* **Requirement**: Would you repeat the listing below exactly, with no pictures in it?

* **Material to process**:
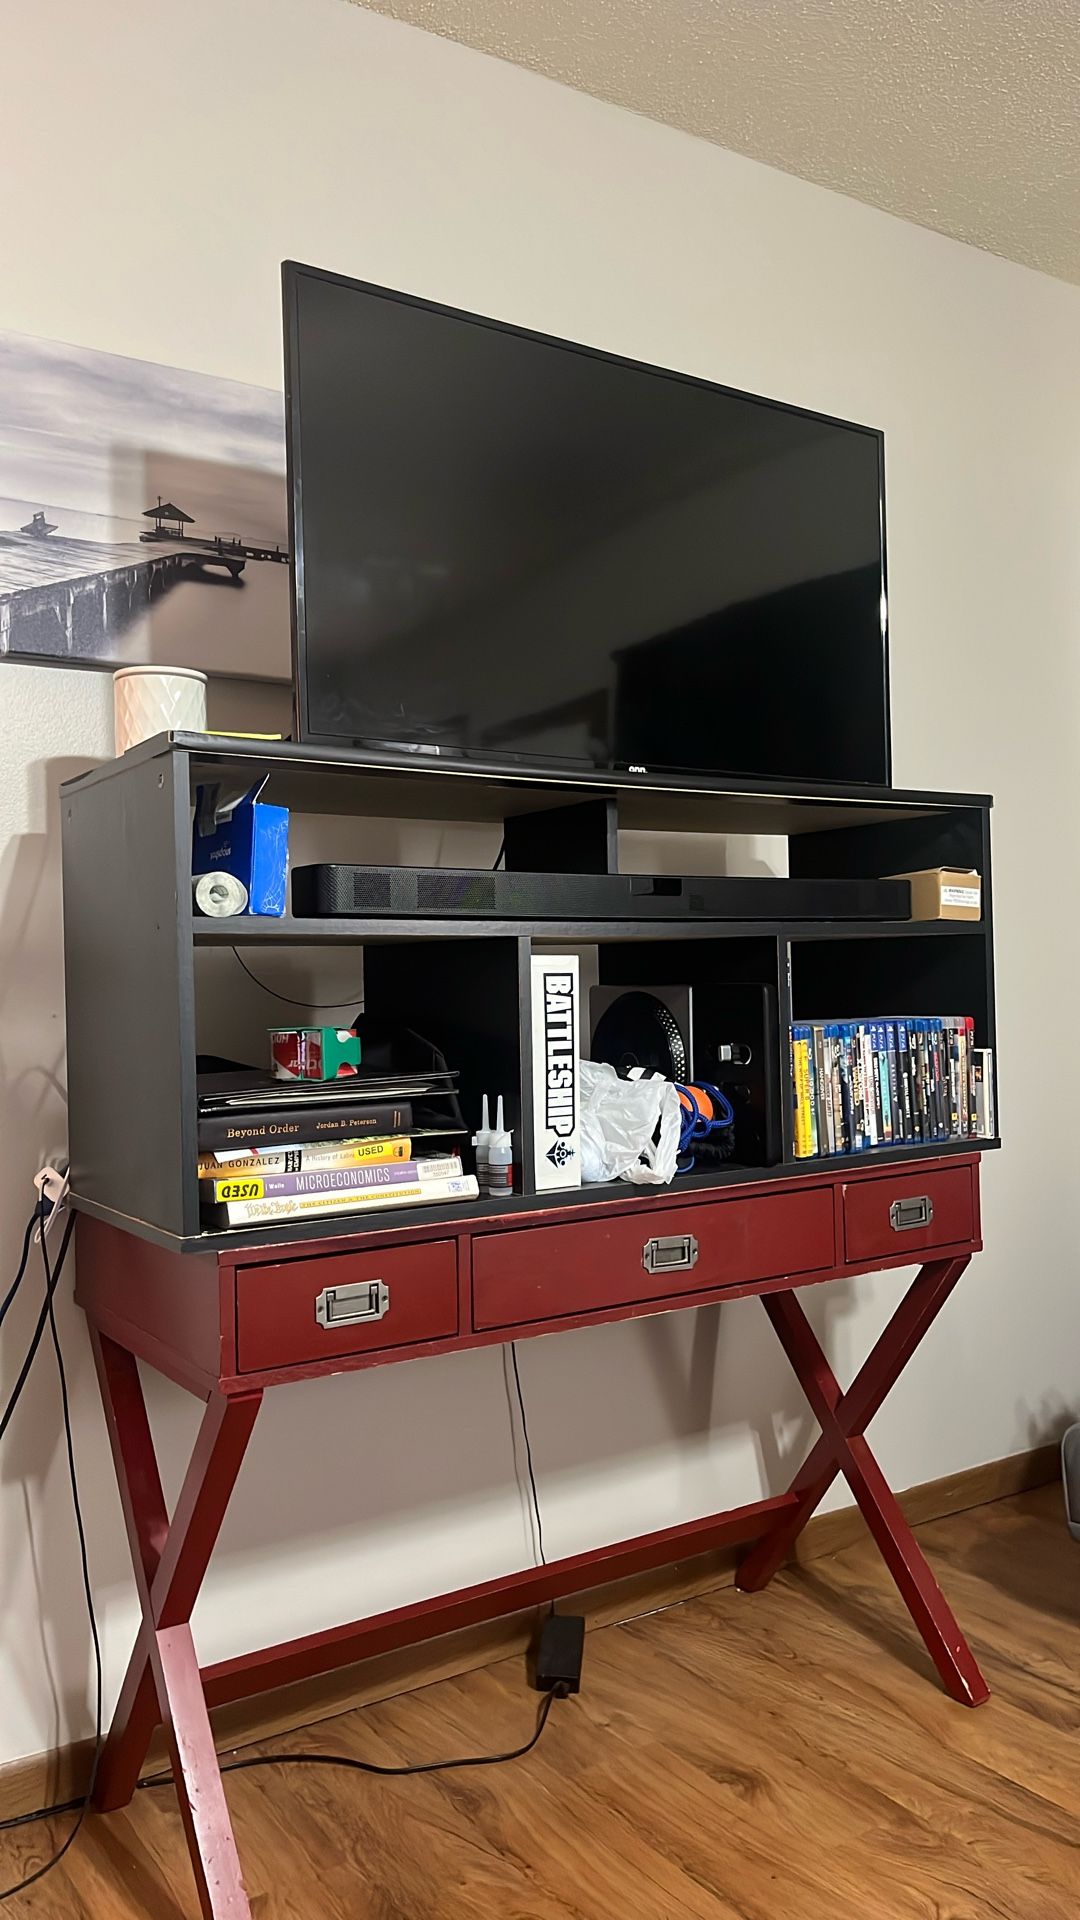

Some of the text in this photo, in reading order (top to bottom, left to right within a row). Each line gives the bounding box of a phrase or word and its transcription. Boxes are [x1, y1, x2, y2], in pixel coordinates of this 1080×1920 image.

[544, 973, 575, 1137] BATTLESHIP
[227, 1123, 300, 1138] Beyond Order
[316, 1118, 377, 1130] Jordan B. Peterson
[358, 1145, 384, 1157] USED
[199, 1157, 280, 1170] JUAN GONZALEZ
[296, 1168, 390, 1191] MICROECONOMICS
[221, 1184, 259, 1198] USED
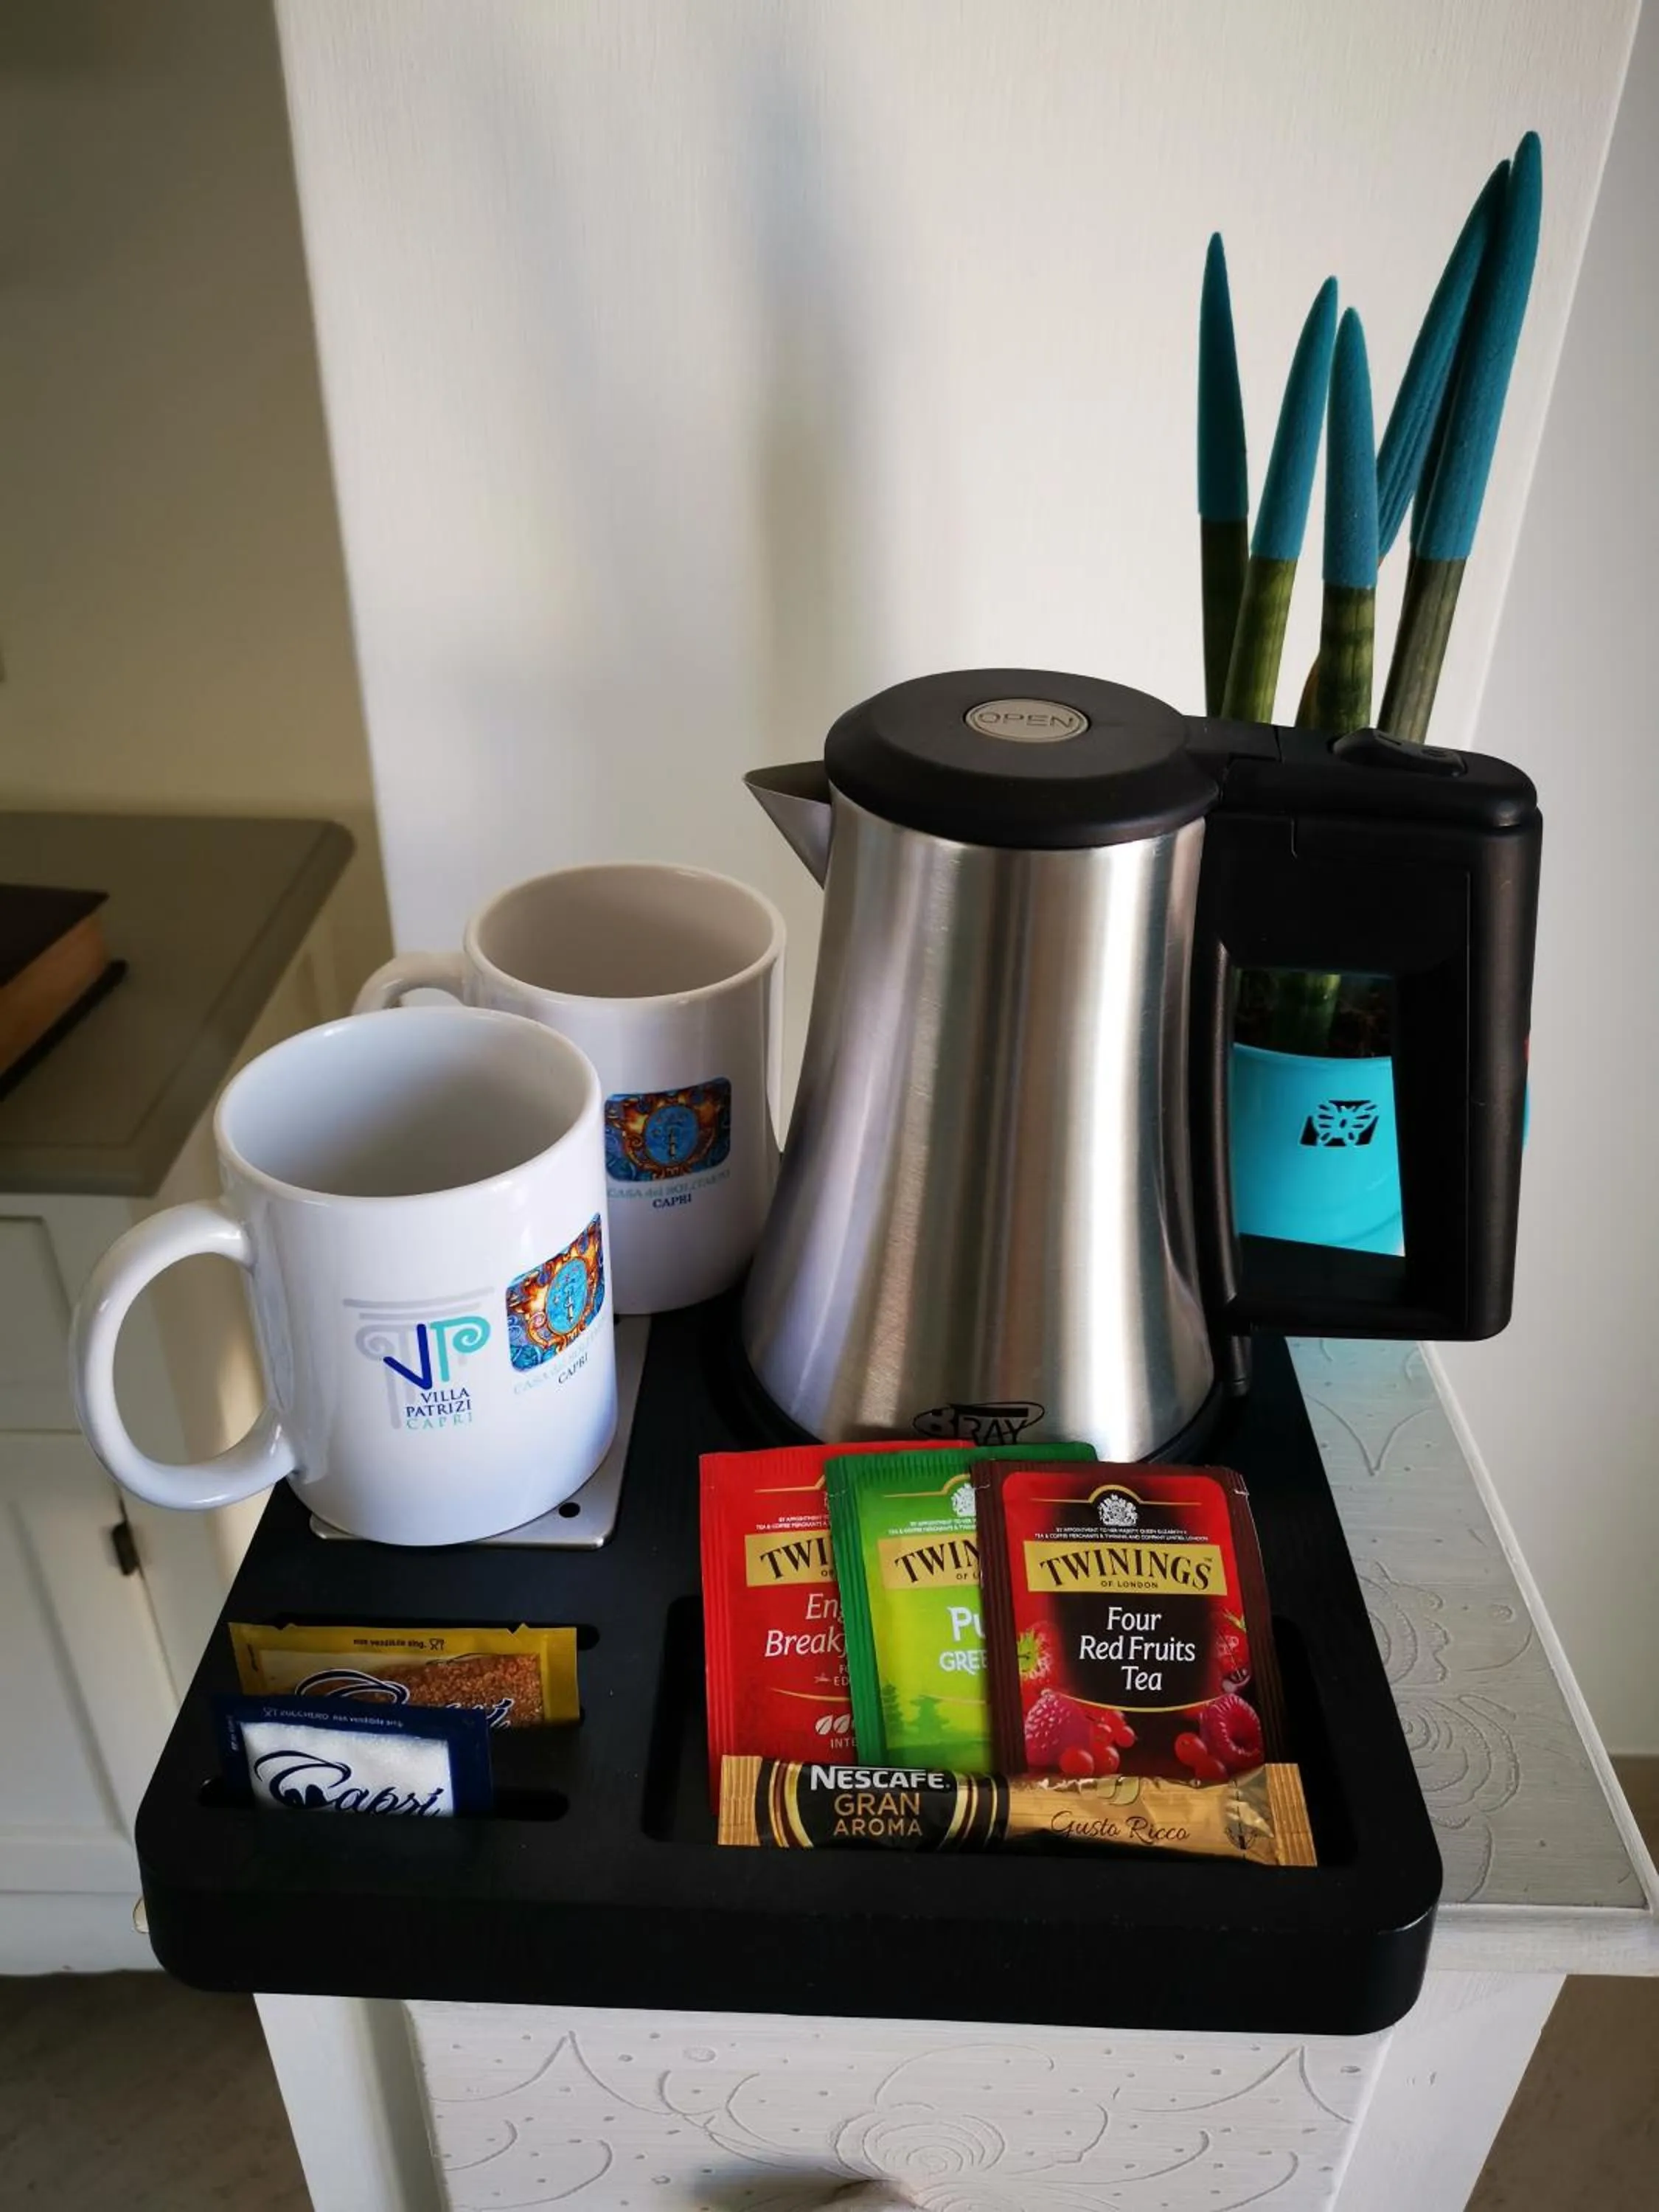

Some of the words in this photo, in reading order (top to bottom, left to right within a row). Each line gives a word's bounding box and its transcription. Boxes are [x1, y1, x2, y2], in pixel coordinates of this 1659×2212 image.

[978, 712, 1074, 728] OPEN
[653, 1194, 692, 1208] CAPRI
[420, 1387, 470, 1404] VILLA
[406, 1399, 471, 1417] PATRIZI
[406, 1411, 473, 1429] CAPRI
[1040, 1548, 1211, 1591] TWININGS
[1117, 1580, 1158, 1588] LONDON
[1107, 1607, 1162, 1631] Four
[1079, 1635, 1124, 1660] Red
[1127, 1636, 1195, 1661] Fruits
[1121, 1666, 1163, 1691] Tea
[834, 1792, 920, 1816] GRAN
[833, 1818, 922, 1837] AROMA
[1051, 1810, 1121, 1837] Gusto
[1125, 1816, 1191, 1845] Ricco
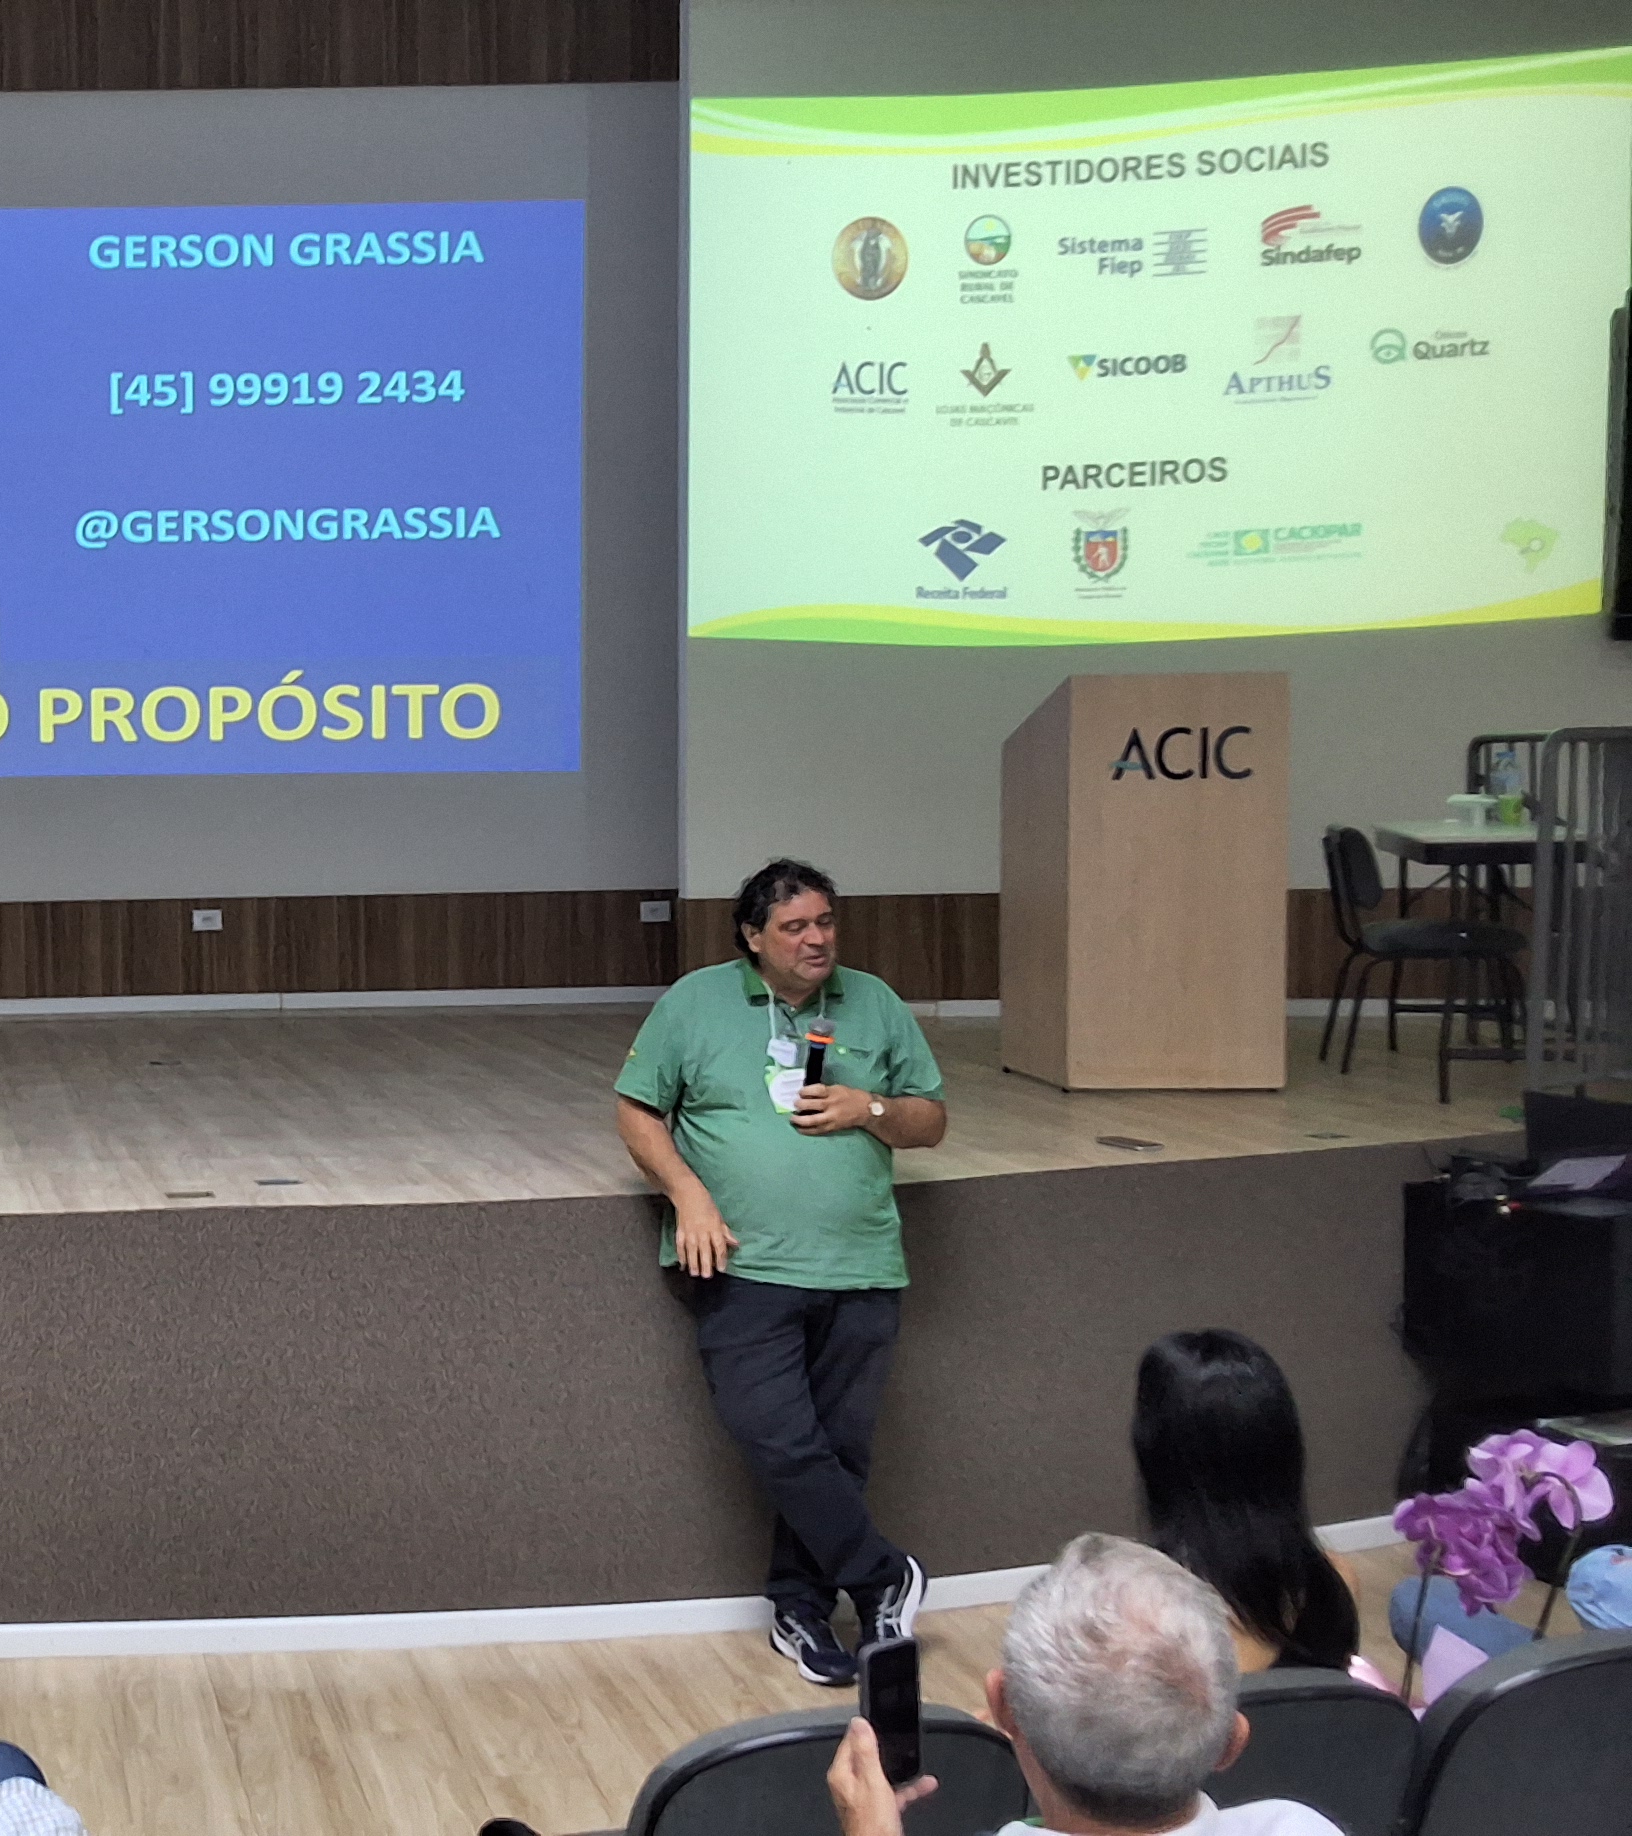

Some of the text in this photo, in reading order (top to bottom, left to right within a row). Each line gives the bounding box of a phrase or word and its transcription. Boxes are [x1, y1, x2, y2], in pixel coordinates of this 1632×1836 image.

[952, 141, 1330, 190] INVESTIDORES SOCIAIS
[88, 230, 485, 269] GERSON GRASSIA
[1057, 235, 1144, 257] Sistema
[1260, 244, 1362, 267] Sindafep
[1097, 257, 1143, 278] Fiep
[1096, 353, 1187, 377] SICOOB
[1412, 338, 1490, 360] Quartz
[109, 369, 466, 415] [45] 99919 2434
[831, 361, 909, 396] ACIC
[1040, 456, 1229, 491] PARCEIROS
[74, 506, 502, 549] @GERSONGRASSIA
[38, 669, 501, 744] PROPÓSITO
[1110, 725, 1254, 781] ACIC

* **Expected answer**:
Some of the text in this photo, in reading order (top to bottom, left to right within a row). Each line gives the bounding box of a phrase or word and its transcription. Boxes are [x1, y1, x2, y2], in pixel coordinates of this 1080×1920 image.

[544, 973, 575, 1137] BATTLESHIP
[227, 1123, 300, 1138] Beyond Order
[316, 1118, 377, 1130] Jordan B. Peterson
[358, 1145, 384, 1157] USED
[199, 1157, 280, 1170] JUAN GONZALEZ
[296, 1168, 390, 1191] MICROECONOMICS
[221, 1184, 259, 1198] USED

Some of the words in this photo, in reading order (top to bottom, left to right within a row). Each line gives a word's bounding box and its transcription. Boxes are [x1, y1, x2, y2], in pixel coordinates of this 1659×2212 image.

[978, 712, 1074, 728] OPEN
[653, 1194, 692, 1208] CAPRI
[420, 1387, 470, 1404] VILLA
[406, 1399, 471, 1417] PATRIZI
[406, 1411, 473, 1429] CAPRI
[1040, 1548, 1211, 1591] TWININGS
[1117, 1580, 1158, 1588] LONDON
[1107, 1607, 1162, 1631] Four
[1079, 1635, 1124, 1660] Red
[1127, 1636, 1195, 1661] Fruits
[1121, 1666, 1163, 1691] Tea
[834, 1792, 920, 1816] GRAN
[833, 1818, 922, 1837] AROMA
[1051, 1810, 1121, 1837] Gusto
[1125, 1816, 1191, 1845] Ricco

Some of the text in this photo, in reading order (top to bottom, left to right within a row). Each line gives the bounding box of a phrase or word and its transcription. Boxes are [x1, y1, x2, y2], in pixel coordinates of this 1632×1836 image.

[952, 141, 1330, 190] INVESTIDORES SOCIAIS
[88, 230, 485, 269] GERSON GRASSIA
[1057, 235, 1144, 257] Sistema
[1260, 244, 1362, 267] Sindafep
[1097, 257, 1143, 278] Fiep
[1096, 353, 1187, 377] SICOOB
[1412, 338, 1490, 360] Quartz
[109, 369, 466, 415] [45] 99919 2434
[831, 361, 909, 396] ACIC
[1040, 456, 1229, 491] PARCEIROS
[74, 506, 502, 549] @GERSONGRASSIA
[38, 669, 501, 744] PROPÓSITO
[1110, 725, 1254, 781] ACIC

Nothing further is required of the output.